Dean's Bio
Gale M. Morrison, Ph.D. is Dean of the Graduate Division at UCSB and a Professor of Education at the University of California, Santa Barbara in Counseling/Clinical/School Psychology. She was Acting Dean of the Gevirtz Graduate School of Education at UCSB for a year and a half between 2005 and 2006. She has also contributed to UCSB in numerous other ways over the years, including as chair of the UCSB Academic Senate Graduate Council, and member of the UC Academic Senate Coordinating Committee on Graduate Affairs.
In her role with the Graduate Division, she served on the UC Systemwide Student Health Committee in 2006. She is currently the Chair of the UC Systemwide NSF AGEP (Alliance for Graduate Education and the Professoriate) Steering Committee. This past year she chaired a committee of faculty and senior administrators to coordinate our campus response to the National Research Council for its assessment of graduate doctoral programs.

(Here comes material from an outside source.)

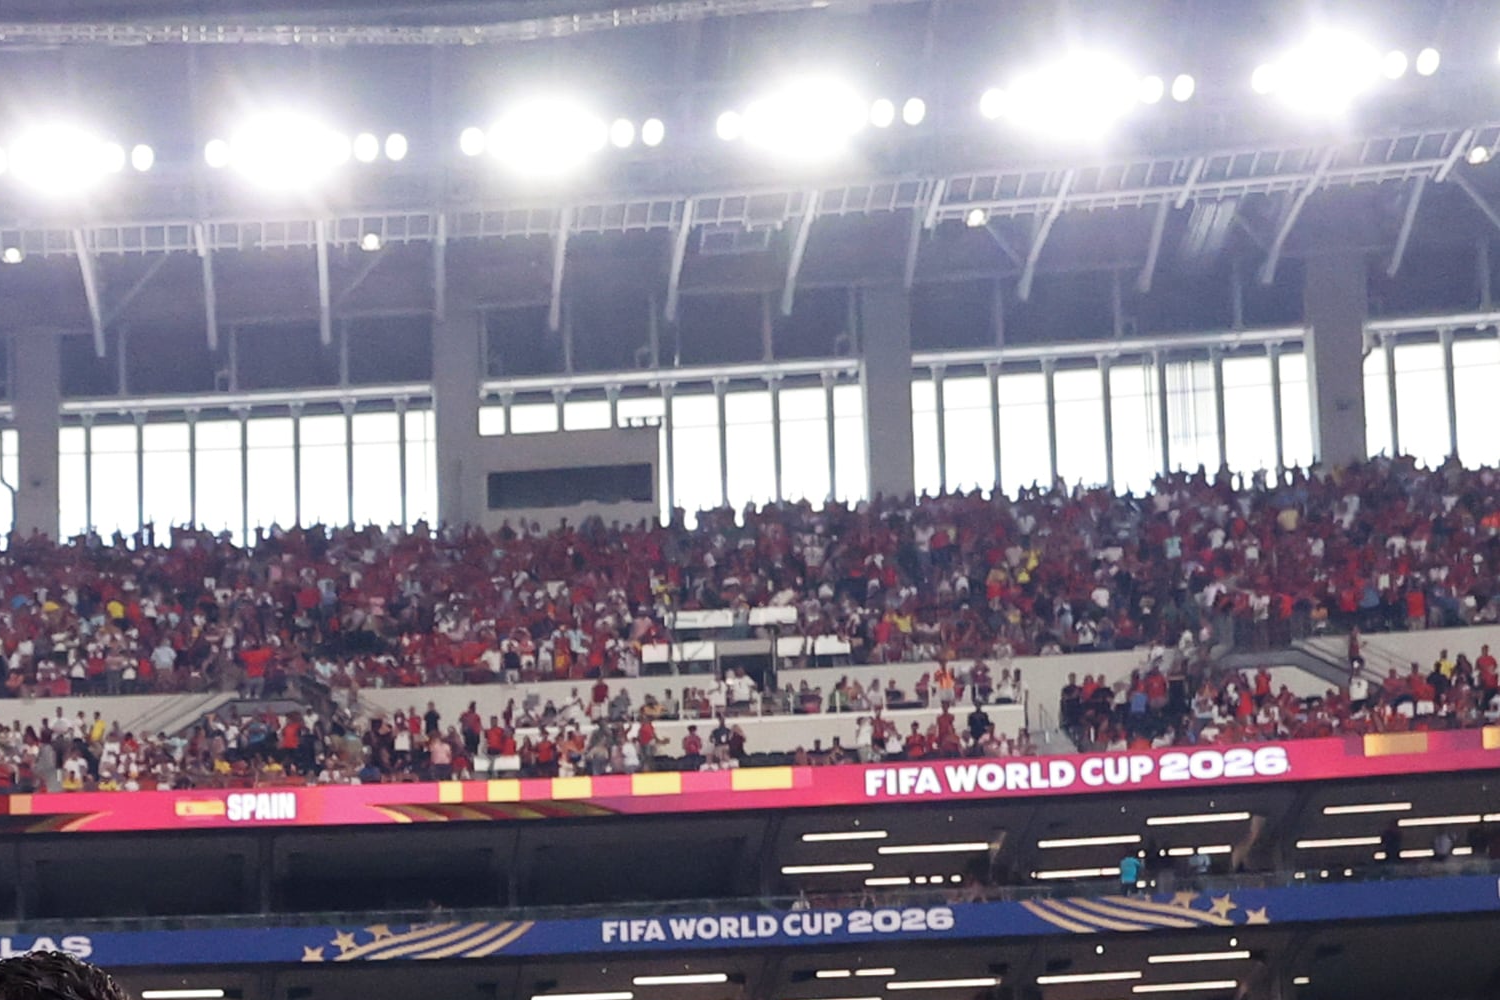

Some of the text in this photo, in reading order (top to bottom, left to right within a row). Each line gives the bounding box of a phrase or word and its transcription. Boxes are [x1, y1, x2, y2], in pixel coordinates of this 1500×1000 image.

Dr. Morrison received her Ph.D. in Special Education from the University of California, Riverside. When not serving in administration, she participates in a NASP-approved school psychology credential program and trains doctoral students in an APA-approved Counseling/Clinical/School Psychology program. She recently completed a research project funded by the U. S. Department of Education, Office of Special Education Programs (field-initiated research award). This research examined the risk and resilience patterns for upper elementary students with and without disabilities who were experiencing discipline problems at school. The project facilitated the documentation of the schooling trajectories of students as they transition to middle or junior high schools; during the tenure of the project, many of these students experienced involuntary transfers to alternative settings for their behavior (the beginning of being "pushed out" of school). Dr. Morrison has published work on resiliency with special needs children, as well as work on school safety and violence. She is one of the few research professionals in the nation that is publishing information about suspension/expulsion disciplinary processes as they affect special education students.
Dr. Morrison also has had extensive evaluation experience with projects that use the risk and resilience framework as a basis for programming (after-school programs and teen pregnancy prevention). These projects have been funded by the U.S. Department of Health and Human Services, Substance Abuse and Mental Health Services Administration, and the California Department of Education. Dr. Morrison is affiliated with the UCSB Center for School-Based Youth Development. This Center was founded in order to facilitate research and development in the area of school engagement, recognizing that this concept applies to all students (those with learning and behavior challenges as well as others).